As we walked through Trinity College, Temple Bar, Dublin Castle and both Christ’s Church and St. Patrick’s Cathedral, Sineade regaled us all with the history, culture, symbols, and even legends of Ireland. Her knowledge of age old figures like Red Hugh O’Donnell, Brian Boru, and even Bono was enough to knock my socks clean off! Never would I have imagined I were to learn so much in a seemingly short period of time. I even learned a little Irish; not just slainte, but slán (as seen in this posts title). In Irish, it means goodbye.

St. Patrick's Cathedral, whose restoration was sponsored by Guinness!
St. Patrick’s Cathedral, whose restoration was sponsored by Guinness!

So as Sineade bid us all “slán” I headed off in the direction of the Guinness storehouse for a cheeky pint after all that exercise.

The gateway to Guinness!
The gateway to Guinness!

Now, to many the Guinness Storehouse may seem like a tourist trap, as indicated by the lack of actual Irish people there. But, at least for me, I found it a good way to get to know one of this country’s most favorite pastimes, drinking. And what else is there to drink than the national favorite, Guinness! I paid a student’s price so it wasn’t as expensive, but still about €15. However, in my mind this can be justified, at least ever so slightly, by the view from the Gravity Bar. In my experience to date, admission to any tower-like structure that offers unobtainable views of the cityscape charge you an arm and a leg. At least in the Gravity Bar, you get a beer with your price gouge. A beer, I may add, that will cost you €7 alone in the Temple Bar district. So again, for me, it was worth it.

My view from the top, Guinness in hand of course!
My view from the top, Guinness in hand of course!

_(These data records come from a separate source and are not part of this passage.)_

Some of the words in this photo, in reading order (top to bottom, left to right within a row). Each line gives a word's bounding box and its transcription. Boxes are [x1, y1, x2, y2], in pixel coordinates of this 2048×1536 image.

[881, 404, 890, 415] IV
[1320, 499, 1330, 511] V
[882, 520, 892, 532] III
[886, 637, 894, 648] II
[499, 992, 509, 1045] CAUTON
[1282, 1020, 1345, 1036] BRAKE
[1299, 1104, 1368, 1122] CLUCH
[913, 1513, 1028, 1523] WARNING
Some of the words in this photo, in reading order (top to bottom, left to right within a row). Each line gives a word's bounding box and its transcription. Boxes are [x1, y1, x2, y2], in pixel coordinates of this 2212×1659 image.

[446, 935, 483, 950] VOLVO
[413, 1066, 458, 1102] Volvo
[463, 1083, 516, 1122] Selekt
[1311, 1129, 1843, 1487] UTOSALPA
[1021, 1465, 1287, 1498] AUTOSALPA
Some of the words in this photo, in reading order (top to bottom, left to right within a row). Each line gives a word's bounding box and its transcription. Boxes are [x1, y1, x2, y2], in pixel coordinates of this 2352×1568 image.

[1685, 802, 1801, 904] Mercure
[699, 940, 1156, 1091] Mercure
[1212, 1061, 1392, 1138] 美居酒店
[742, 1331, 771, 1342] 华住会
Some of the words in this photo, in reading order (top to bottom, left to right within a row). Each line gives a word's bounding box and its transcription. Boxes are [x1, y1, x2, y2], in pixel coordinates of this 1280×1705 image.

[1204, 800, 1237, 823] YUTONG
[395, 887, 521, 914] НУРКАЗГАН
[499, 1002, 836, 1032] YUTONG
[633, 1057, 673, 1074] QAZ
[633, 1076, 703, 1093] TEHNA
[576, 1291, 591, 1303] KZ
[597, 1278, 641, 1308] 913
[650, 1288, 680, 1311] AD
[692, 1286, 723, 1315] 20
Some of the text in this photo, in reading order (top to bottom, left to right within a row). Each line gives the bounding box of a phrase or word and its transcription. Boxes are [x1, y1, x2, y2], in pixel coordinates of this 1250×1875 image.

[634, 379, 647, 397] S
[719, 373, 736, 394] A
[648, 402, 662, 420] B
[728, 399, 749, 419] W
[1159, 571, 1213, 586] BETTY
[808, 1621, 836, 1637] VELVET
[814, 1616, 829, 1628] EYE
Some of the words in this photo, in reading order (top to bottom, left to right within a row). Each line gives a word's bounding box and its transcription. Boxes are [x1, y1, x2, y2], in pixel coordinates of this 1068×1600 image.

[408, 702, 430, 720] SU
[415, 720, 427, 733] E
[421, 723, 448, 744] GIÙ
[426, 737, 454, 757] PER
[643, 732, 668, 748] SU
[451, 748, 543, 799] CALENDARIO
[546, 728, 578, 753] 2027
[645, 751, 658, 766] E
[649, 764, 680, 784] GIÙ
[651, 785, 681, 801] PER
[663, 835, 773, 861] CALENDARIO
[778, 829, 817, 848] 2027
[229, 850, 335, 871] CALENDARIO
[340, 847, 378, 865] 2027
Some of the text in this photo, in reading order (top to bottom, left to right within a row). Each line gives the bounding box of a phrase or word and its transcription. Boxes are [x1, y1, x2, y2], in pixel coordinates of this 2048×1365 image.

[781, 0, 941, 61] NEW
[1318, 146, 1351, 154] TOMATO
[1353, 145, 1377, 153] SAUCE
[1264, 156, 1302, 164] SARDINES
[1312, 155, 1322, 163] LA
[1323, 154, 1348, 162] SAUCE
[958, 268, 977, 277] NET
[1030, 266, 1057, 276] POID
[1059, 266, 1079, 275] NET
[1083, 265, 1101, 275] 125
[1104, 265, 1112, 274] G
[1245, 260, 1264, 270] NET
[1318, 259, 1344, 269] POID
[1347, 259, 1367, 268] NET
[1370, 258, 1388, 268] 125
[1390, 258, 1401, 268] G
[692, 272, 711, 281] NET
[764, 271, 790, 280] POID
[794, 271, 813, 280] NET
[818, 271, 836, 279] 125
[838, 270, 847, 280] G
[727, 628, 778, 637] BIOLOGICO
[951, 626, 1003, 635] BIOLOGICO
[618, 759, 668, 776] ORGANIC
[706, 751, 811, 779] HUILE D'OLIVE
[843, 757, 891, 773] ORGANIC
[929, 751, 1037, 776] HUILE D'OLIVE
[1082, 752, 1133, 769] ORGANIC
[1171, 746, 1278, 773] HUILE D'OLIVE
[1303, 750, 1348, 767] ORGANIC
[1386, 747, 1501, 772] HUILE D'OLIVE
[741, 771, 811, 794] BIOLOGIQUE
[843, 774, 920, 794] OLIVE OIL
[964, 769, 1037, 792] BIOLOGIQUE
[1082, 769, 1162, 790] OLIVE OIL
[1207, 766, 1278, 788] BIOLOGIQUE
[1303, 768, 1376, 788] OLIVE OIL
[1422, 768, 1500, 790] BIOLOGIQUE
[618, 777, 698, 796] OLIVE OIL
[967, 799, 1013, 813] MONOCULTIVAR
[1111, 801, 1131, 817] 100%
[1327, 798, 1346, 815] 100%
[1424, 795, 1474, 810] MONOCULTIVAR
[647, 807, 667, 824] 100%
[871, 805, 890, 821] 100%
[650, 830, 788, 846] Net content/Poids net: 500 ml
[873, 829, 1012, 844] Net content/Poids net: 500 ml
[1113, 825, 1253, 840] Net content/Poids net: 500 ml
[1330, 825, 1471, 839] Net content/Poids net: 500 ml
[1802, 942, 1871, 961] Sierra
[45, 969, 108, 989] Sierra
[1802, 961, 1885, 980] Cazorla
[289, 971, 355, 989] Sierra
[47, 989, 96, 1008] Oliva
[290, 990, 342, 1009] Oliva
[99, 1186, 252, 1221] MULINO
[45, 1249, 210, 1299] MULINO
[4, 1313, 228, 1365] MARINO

The information you get at the storehouse was nothing compared to everything I had just learned at the walking tour but I was less concerned with learning the history and more concerned with learning how to pour my own perfect pint (which I did of course, and I have the certificate to prove it!).

I am a learned woman!
I am a learned woman!

But, in regards to the actual information you do get at the Guinness Storehouse, I was a little unimpressed. When you walk in, they have signs for audio guides but I didn’t realize until I reached the counter that they are for non-English speaking visitors. I was told by the attendant that the exhibit was so interactive I wouldn’t need the guide. I have to say I disagree. Unlike the Titanic Belfast, which displayed information in both creative and interesting ways, the Storehouse projected information in such a way that it was discombobulating, unorganized, and distracting. While all the information from the audio guide may have been printed somewhere around the room, I would be surprised to learn I had in fact received the same amount of education. Walking from one room to the next, factoids would be printed on the walls, on the floors, on kegs and canisters, and even coming out of the speakers. All of this was totally overwhelming and I would suggest to Guinness that they save themselves the trouble and just make an English audio guide.

Arthur Guinness' 9,000 year lease for the brewery and storehouse space.
Arthur Guinness’ 9,000 year lease for the brewery and storehouse space.

By the end, I was more than ready to just drink the darn beer! Which I did, and it was delicious, even better since I poured it myself!

Slainte!
Slainte! 

From there, I retired back to my hostel for a quick bite before meeting up with my Belfast buddies for a last night out on the town at Temple Bar. It was a great send off from Dublin, with cold brews, good company and terrific live music in the local pubs. This, by the way, was the best bit of Dublin in my opinion. Of course the sights were cool and the city is lovely, but just hanging out in literally any bar and hearing the best music anywhere you go is nothing short of amazing. Seriously, I have never heard performances like those I heard in Dublin. With more money, I would stay the whole day in pubs drinking beer and singing “Whiskey in the Jar“.

From Belfast, with love.
From Belfast, with love.

Upon departure from Dublin, I can say for certain that I will be back again for another stupendous time!